Even encumbered with monitors and tubes, he is beautiful boy, his luminous sugar-cookie face fringed with apricot hair.
Something in his pout and large, moody eyes gives him a look like he’s a little fed up. Who could blame him? But it turns out, he looked the same when he was well.
A tiny Christmas tree stands in one corner, sent by a friend in Vero, and Kristen has strung lights around the room. She decorated for Thanksgiving too.
Marking time made the nurses anxious. The director of the transplant program, a nurse, wept as she tried to tell a press gathering what it was like to wait for a heart. Her tears hinted at the mixed emotions: hope for Kaiden, sorrow for the donor’s family.

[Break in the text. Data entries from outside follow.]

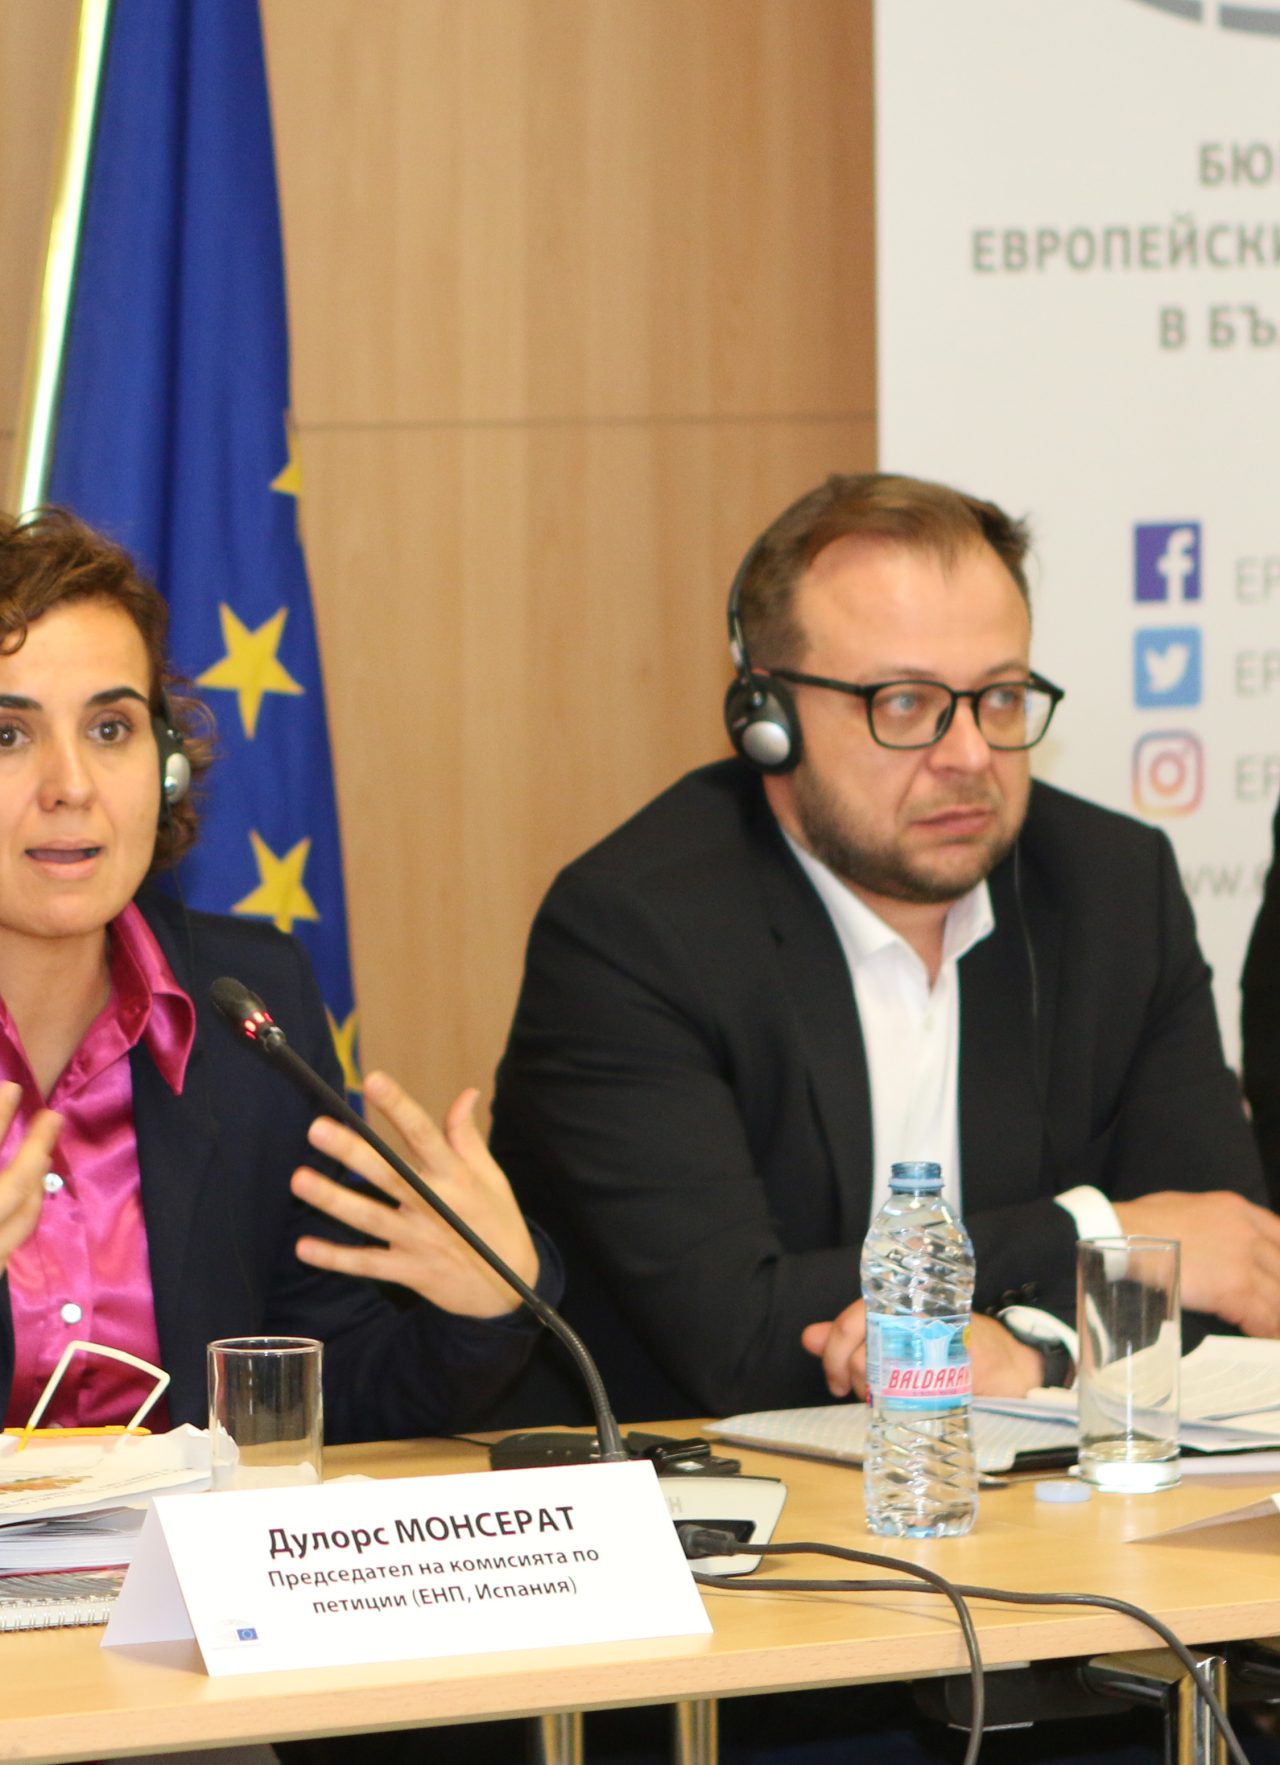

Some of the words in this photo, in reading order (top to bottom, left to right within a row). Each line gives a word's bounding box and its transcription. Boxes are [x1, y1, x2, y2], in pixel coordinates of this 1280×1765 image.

[1199, 141, 1280, 187] БЮ
[1159, 304, 1188, 351] В
[1207, 303, 1280, 350] БЪ
[1234, 556, 1280, 602] EP
[1234, 651, 1280, 697] EP
[269, 1528, 390, 1559] Дулорс
[394, 1506, 574, 1543] МОНСЕРАТ
[268, 1563, 414, 1590] Председател
[418, 1561, 445, 1575] на
[449, 1551, 568, 1573] комисията
[572, 1549, 599, 1563] по
[313, 1594, 408, 1614] петиции
[412, 1586, 472, 1608] (ЕНП,
[475, 1575, 577, 1602] Испания)
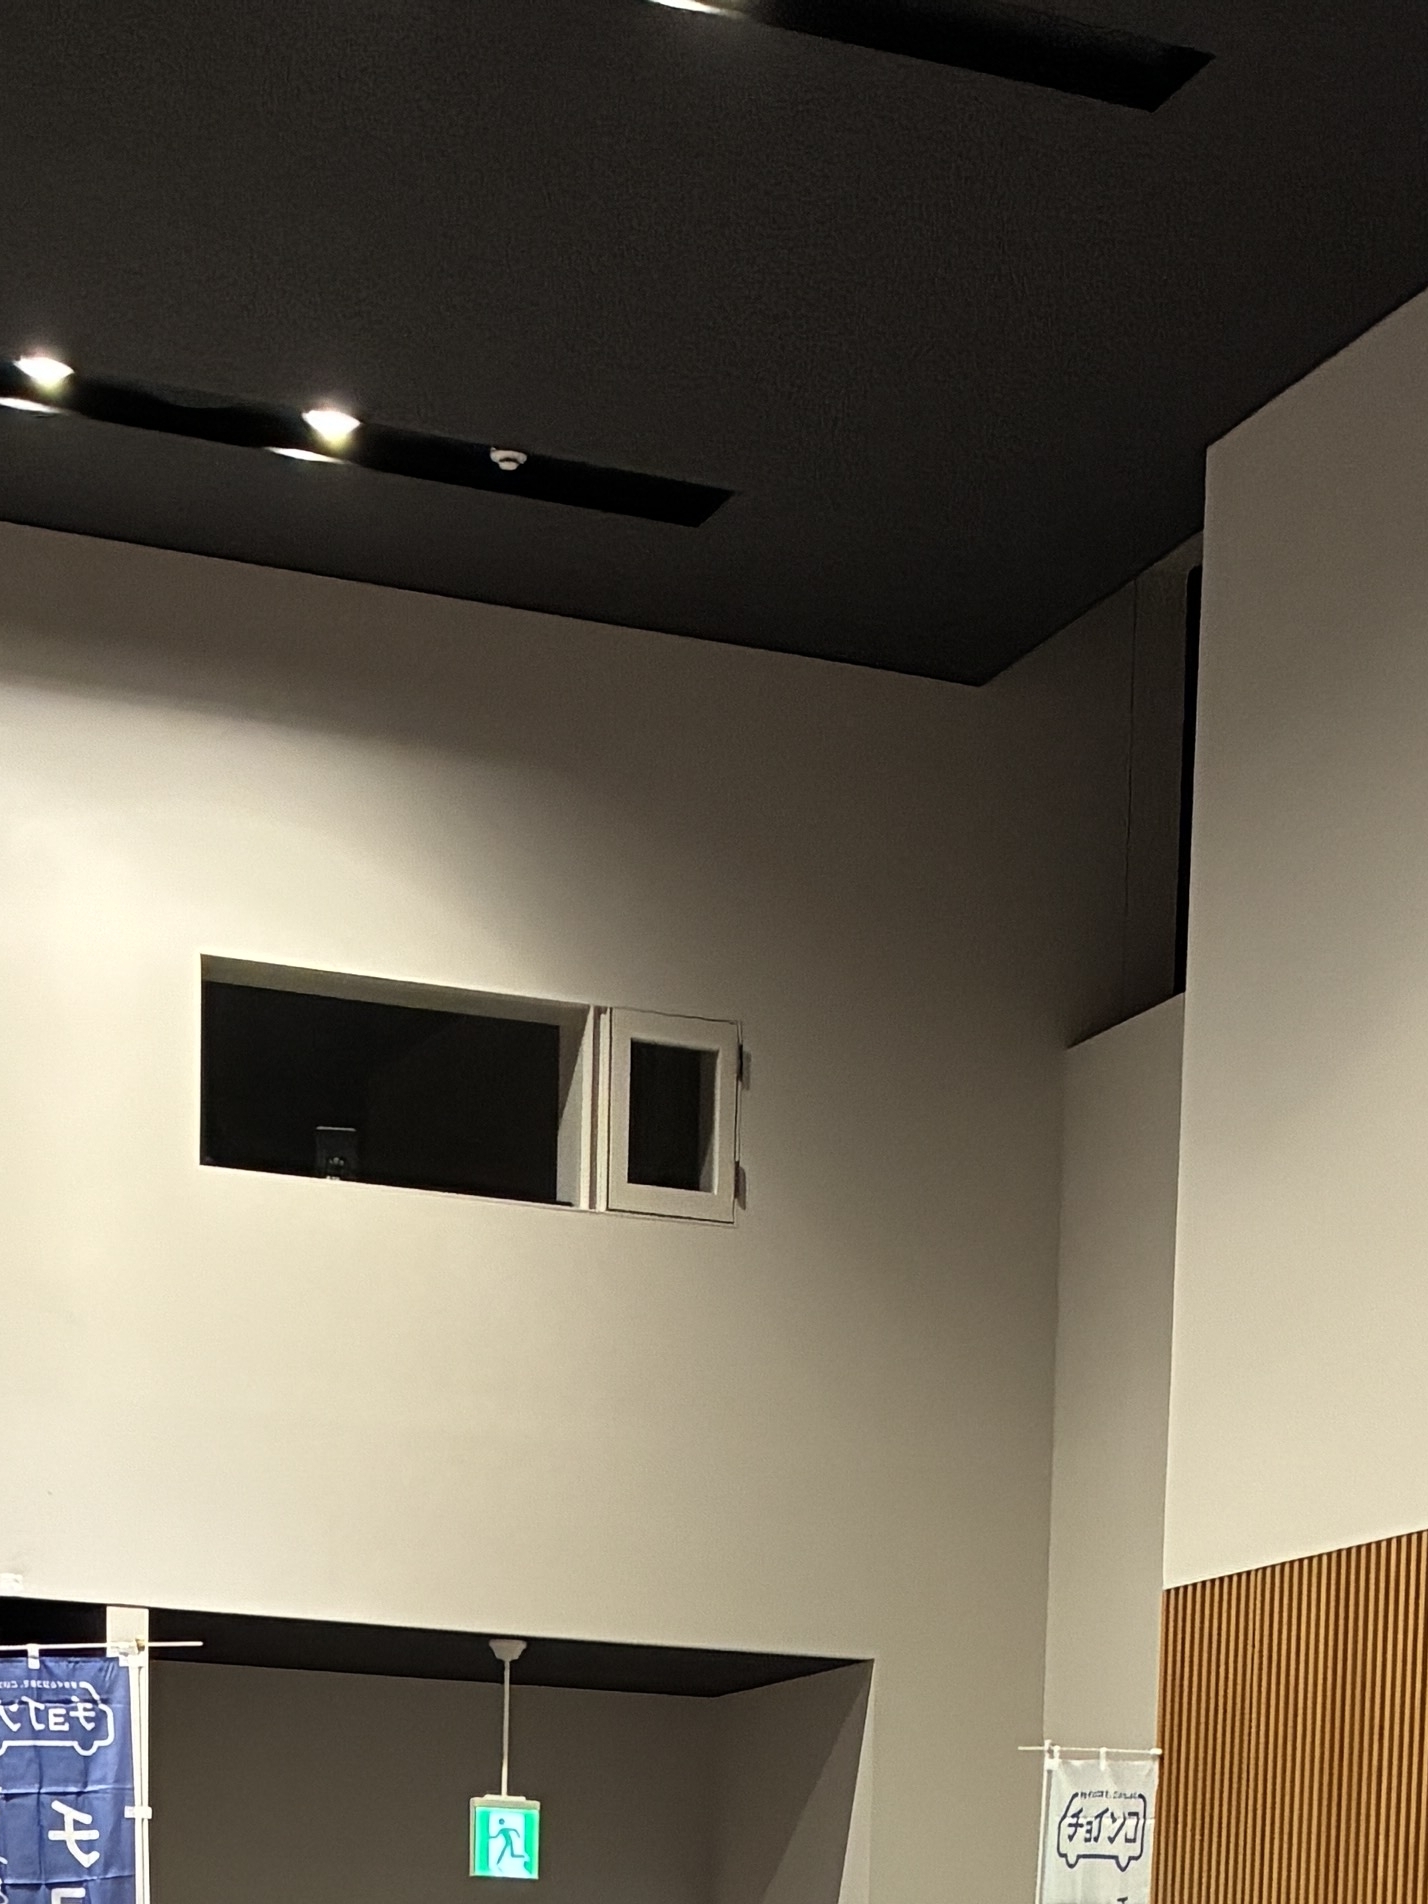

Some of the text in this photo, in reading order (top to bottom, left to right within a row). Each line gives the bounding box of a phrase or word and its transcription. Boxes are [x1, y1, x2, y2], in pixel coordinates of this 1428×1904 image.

[1067, 1806, 1140, 1845] チョイソコ
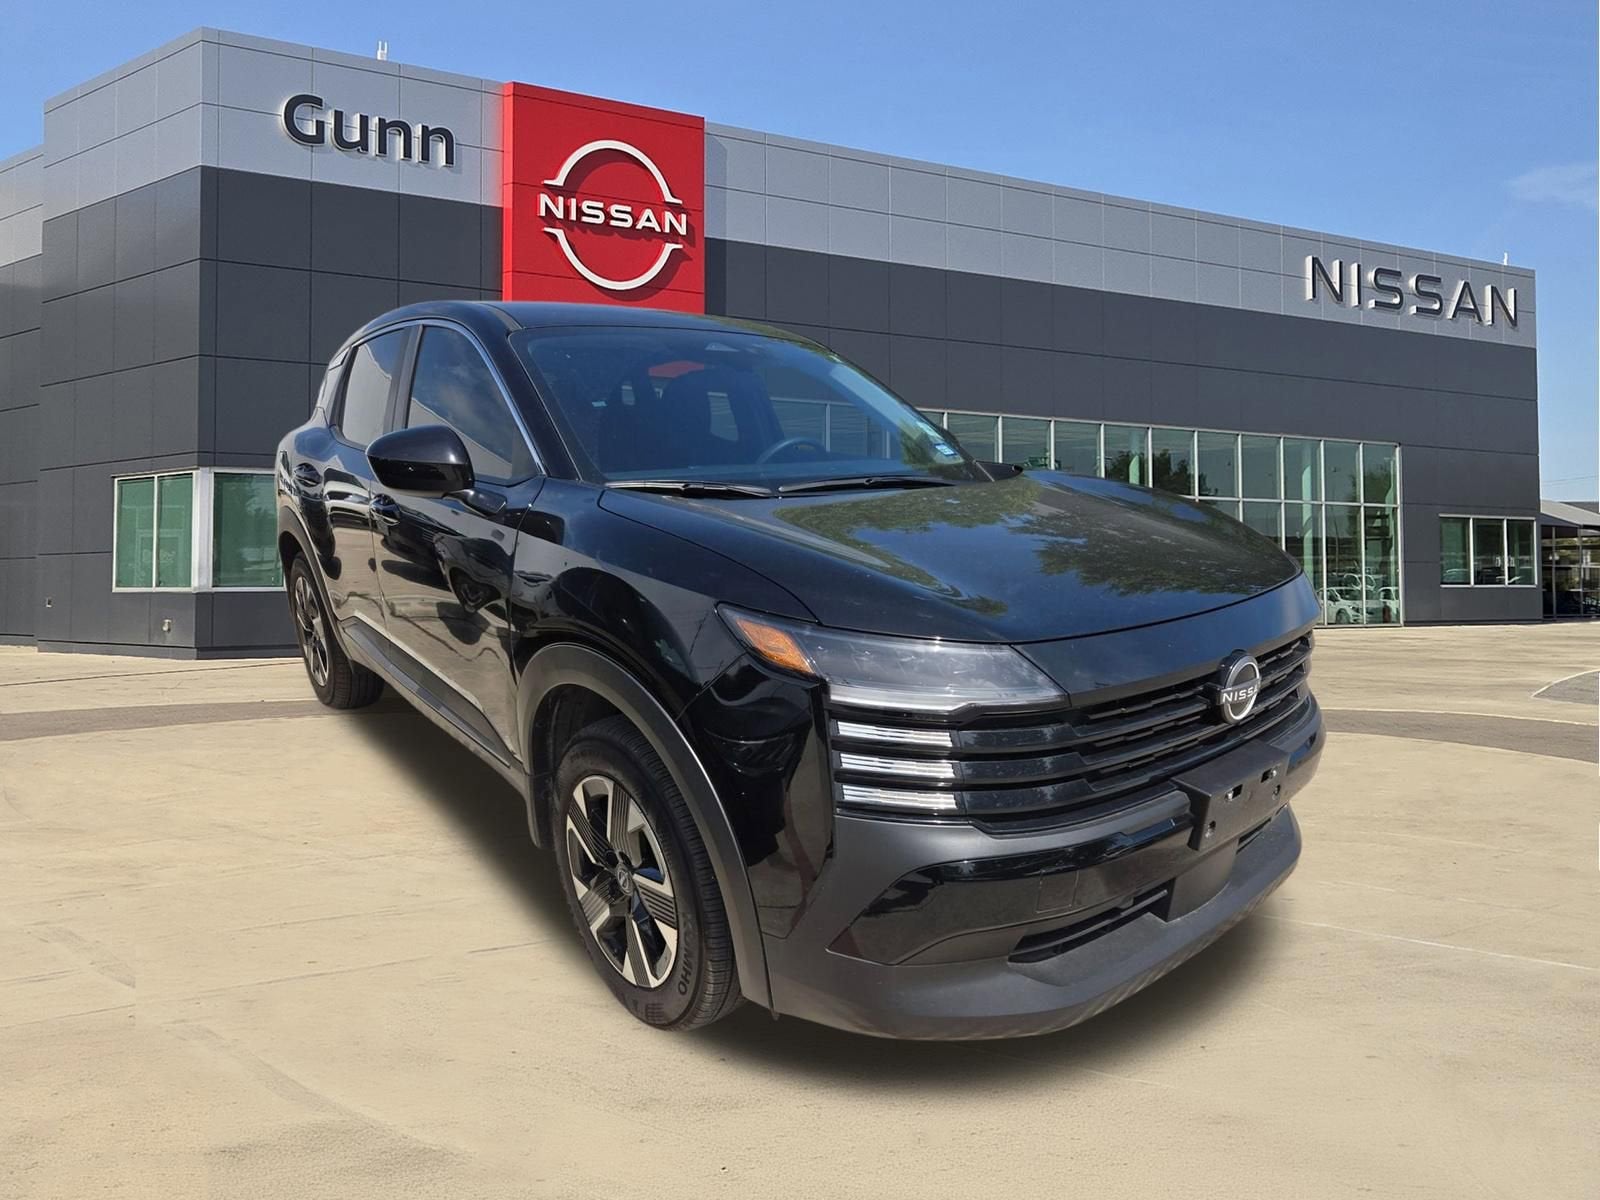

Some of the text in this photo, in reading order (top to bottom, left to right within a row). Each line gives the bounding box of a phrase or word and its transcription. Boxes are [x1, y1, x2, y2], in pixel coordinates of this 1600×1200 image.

[282, 93, 455, 167] Gunn
[537, 192, 687, 236] NISSAN
[1305, 255, 1518, 327] NISSAN
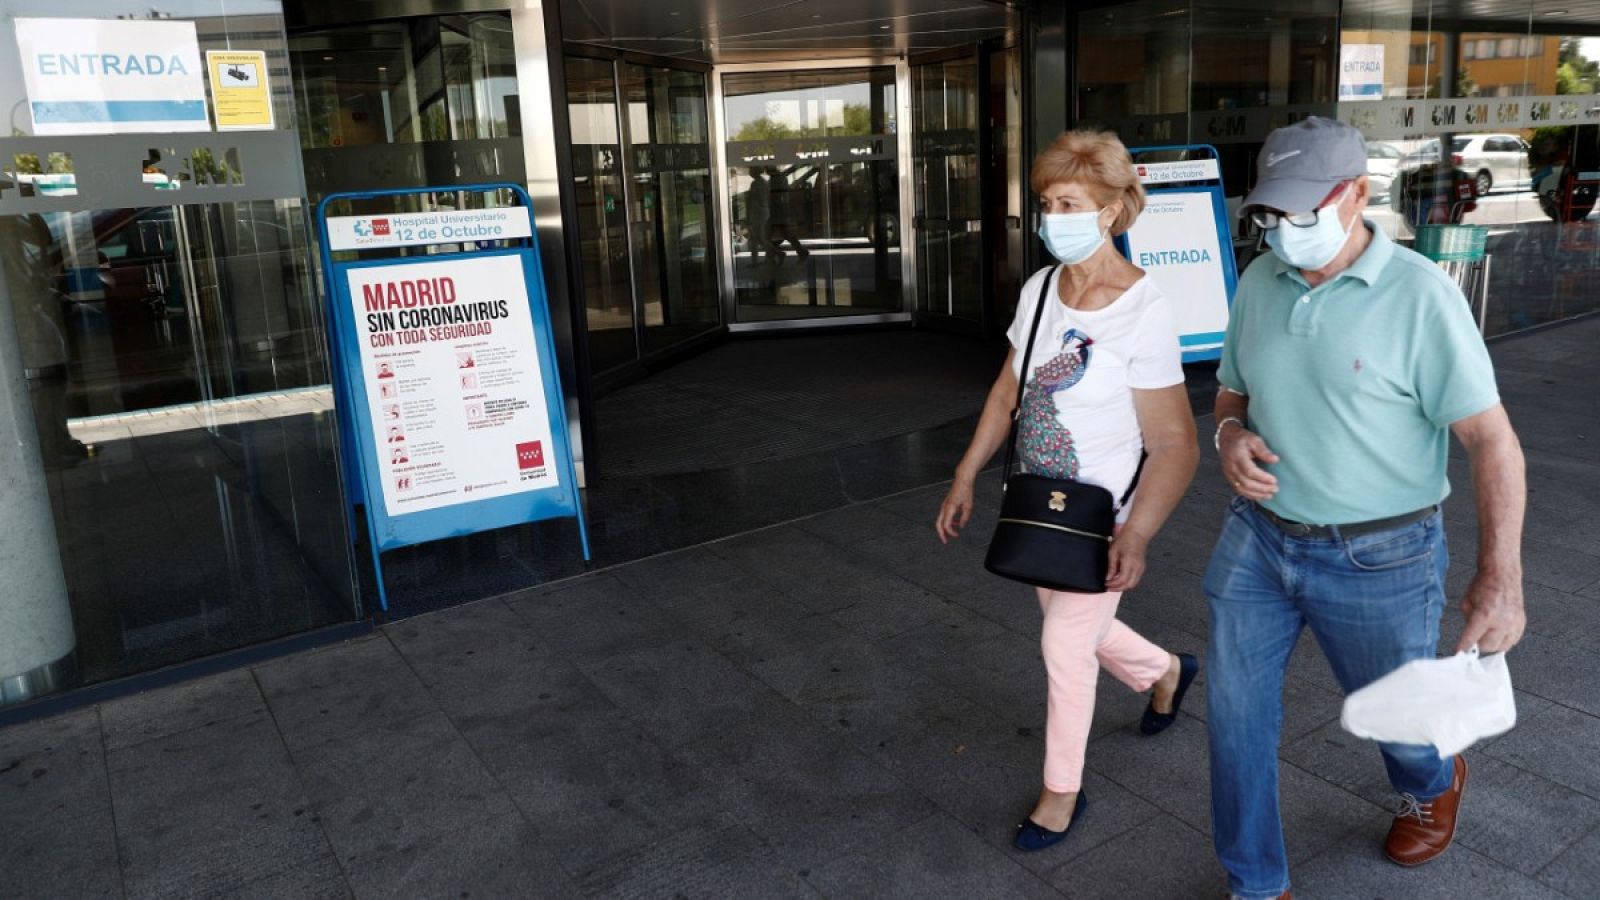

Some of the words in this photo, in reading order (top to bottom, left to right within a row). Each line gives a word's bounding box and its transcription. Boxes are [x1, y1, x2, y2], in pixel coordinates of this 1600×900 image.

Kristen’s phone rings, waking her: in the blur of sleep, she is incredulous. Somewhere, a little heart, still capable, no longer had a reason for beating. It is the unspoken and necessary horror behind everyone’s dream come true: a child has died and now Kaiden may live. The organ procurement team rushes to the scene – it is a “distant” heart, in the jargon of transplants, outside this region, and often Lear jets are used to save time.
The heart has to be what doctors called Kaiden’s angel heart. It wasn’t the first heart to become available in the eight-month wait, and it hadn’t been the first time Kaiden was readied for surgery, but it was the first to be perfect enough for them to go through with a transplant.
The donor transplant system, which puts donors and recipients together by blood type, age, and district – there are nine in the U.S. – has a website. At any given moment, the family could check to see how many candidates were in need.
“Every one of them is critical but there are some more critical than others,” says O’Malley. “You could get on the Internet and you could see that there are, say, seven people in this district.”
This time, Kaiden topped the list. The heart that became available was not of his blood type but his need was tremendous.
That meant that when he was taken into the O.R., around 3 p.m. that same Monday, the first step was an exchange transfusion, “what you have to do in order to bring down the level of antibodies before they do the transplant,” says Dr. Lisa Tyler, a pathologist and medical director of transfusion services at DiMaggio. “We removed his entire blood volume – twice.”
Six hours later, his new heart was allowed to take over. It did so flawlessly.
“He’s done so remarkably well,” says Tyler. “He hasn’t needed any blood. He’s going great. He’s a champ.”
Kaiden’s family – including his uncle Sean O’Malley who’s been taking care of Kristen’s white Labrador retriever whom the baby has yet to meet as well as everyone else’s dogs – are hoping their Vero friends understand if they keep to themselves for a while. There’s still a significant amount of care required for Kaiden: he will have to return twice a week to Hollywood for checkups.
On her first day outside with Kaiden last Friday – first walk, first trip to the park and beach – Kristen was adjusting to not having a support system of trained nurses and doctors.
“I’m up to my ears in motherhood,” she said happily.